What Should I Do Before Lending or Borrowing Money?

First things first, use a promissory note. Any time a significant amount of money is involved it’s probably best to get everything in writing. A promissory note documents the details of the loan and serves as a record in case any problems come up later.

How Can I Collect a Debt Owed to Me?

There’s a few things to keep in mind when pursuing a debt:

Be Polite

Even though the debtor has broken their word, collecting on a debt tends to go more smoothly if you’re polite. Contact the debtor and ask if they remember the debt and when they plan to pay. Sometimes, they may have just forgotten. But no matter what, being combative is the surest way to stall the process.

Put Your Requests for Payment in Writing

 

If your first entreaties are ignored, it’s time to send letters. 30, 60, and 90 Day Past Due Notices can be used for this purpose. They’ll create a paper trail and show your debtor that you’re serious about getting repaid. Keep copies of these letters in case you end up in court down the line.
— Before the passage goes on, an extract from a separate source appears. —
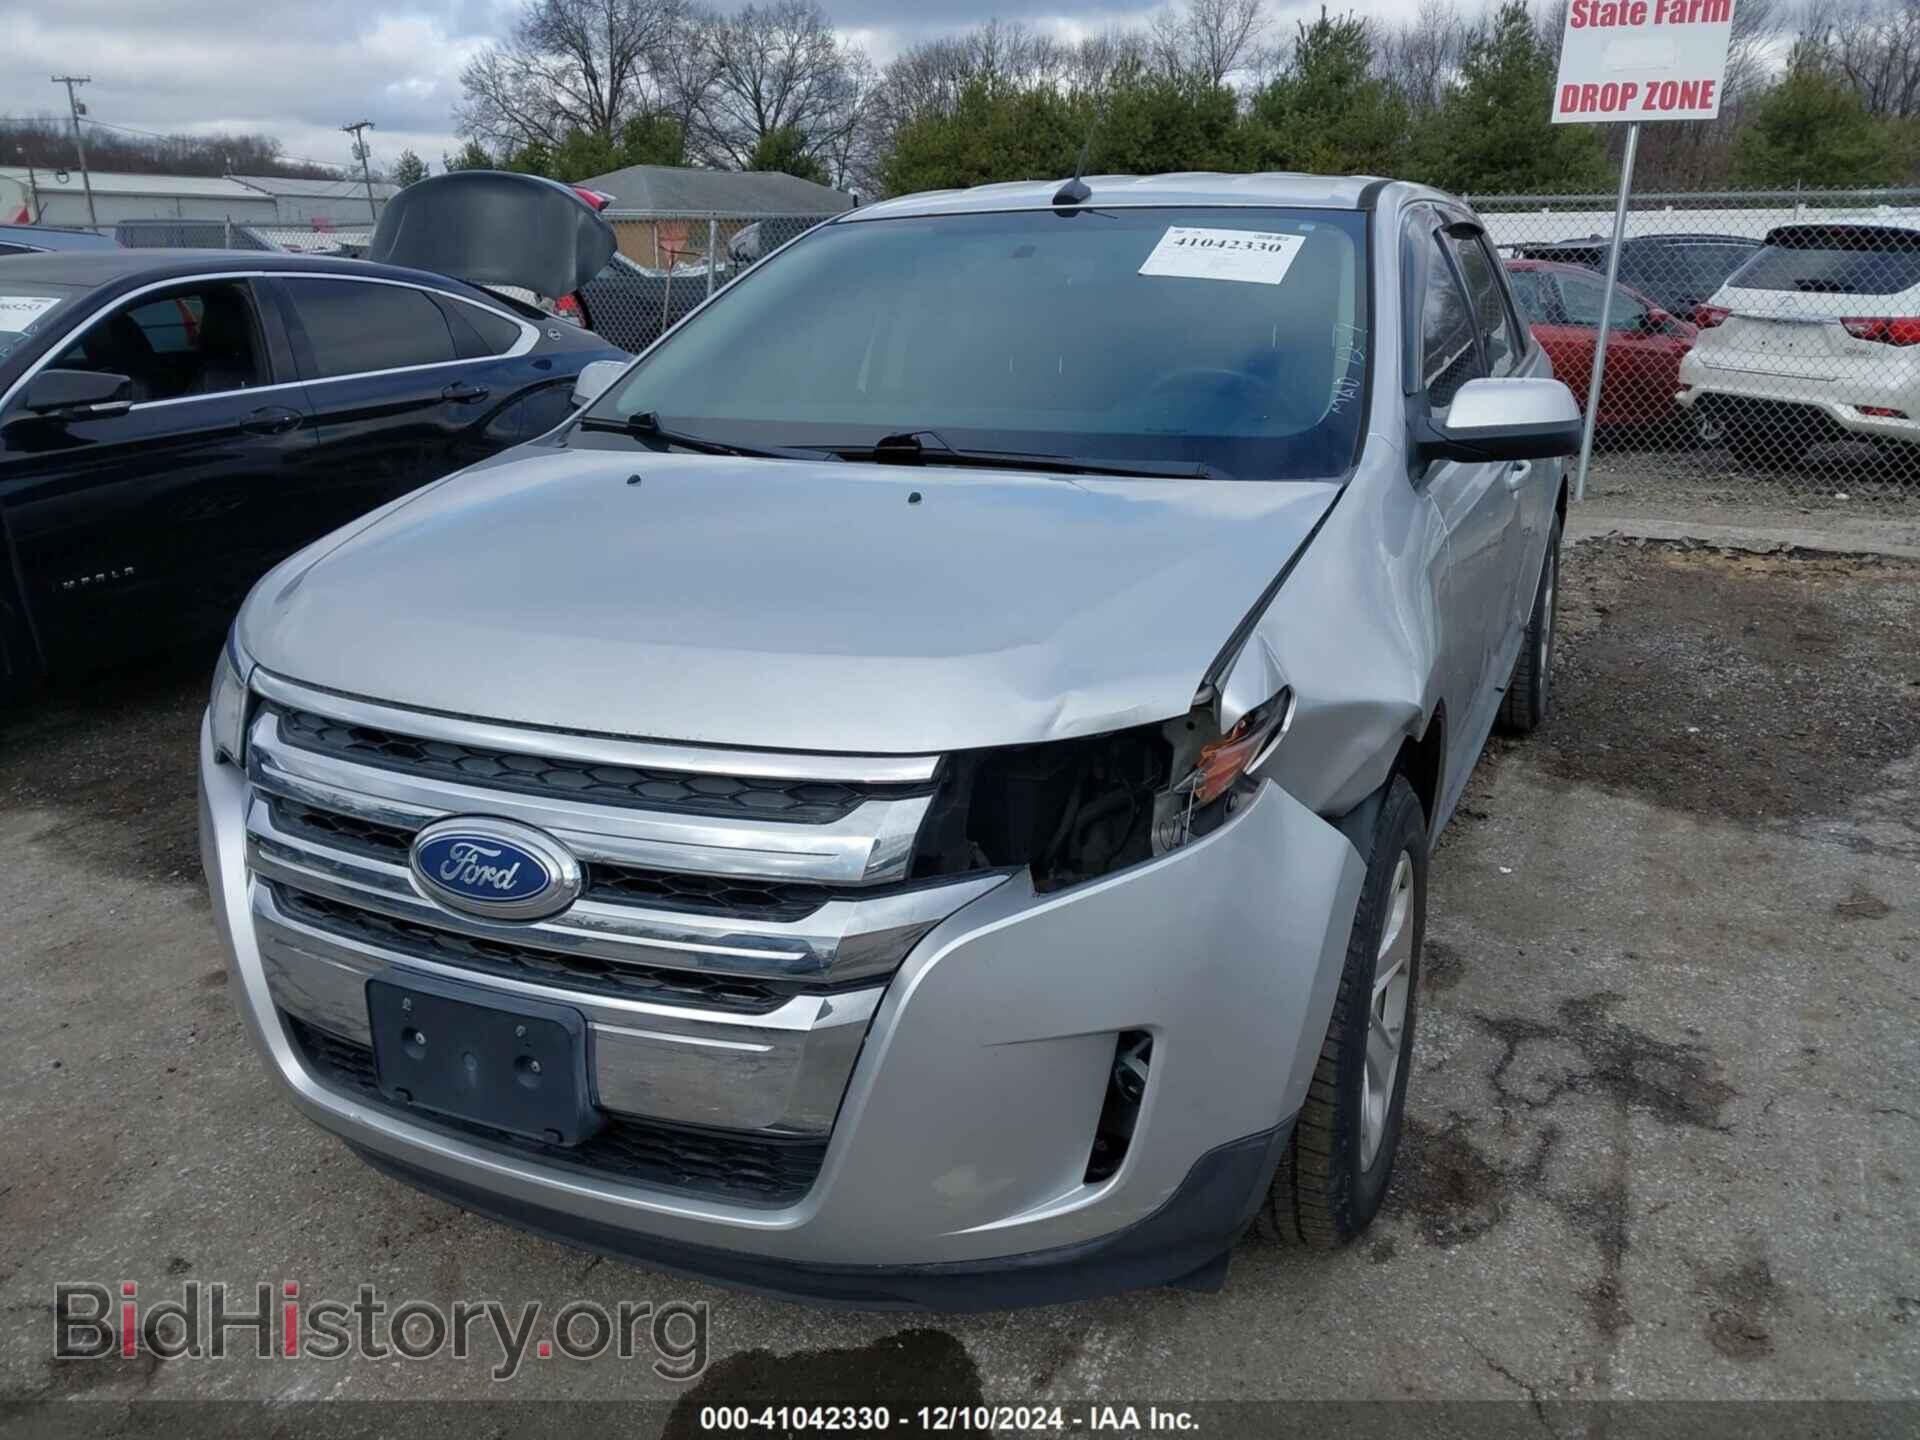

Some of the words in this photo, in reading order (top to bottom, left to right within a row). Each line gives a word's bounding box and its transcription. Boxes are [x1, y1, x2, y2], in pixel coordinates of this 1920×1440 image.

Think about a Debt Settlement Agreement

 

If your debtor has fallen on hard times or if you’re worried about recouping your loan or if the amount you loaned is simply not worth the hassle, think about using a Debt Settlement Agreement. With this, you can amend the original agreement, changing the amount owed or the time frame in which the debtor must pay you. Sometimes, avoiding protracted courtroom battles or the worry about losing a friend over a debt can spur people to using these agreements. You’ll have to consider whether it’s right for your particular case, but it’s good to know that the option is available.

Speak With a Lawyer

Hopefully, it never comes to this but if your personal attempts to collect your debt go ignored or otherwise fail, it’s time to call a lawyer.If you were a business, a collections agency might be your best option. In personal matters, however, it’s generally smarter to enlist the help of an attorney first. Have the attorney write a letter to the debtor. The appearance of a demand letter on legal stationery can show your debtor you’re serious about getting what you’re owed.

 

What Are Some Final Options?

 

If your debtor still won’t pay then you may need to consider court. Of course, if you’ve consulted with an attorney during the process, it’s a good idea to ask his or her advice as to how to proceed. After all, every loan, every debt, and every situation is different. A good lawyer can advise you how best to navigate your unique situation.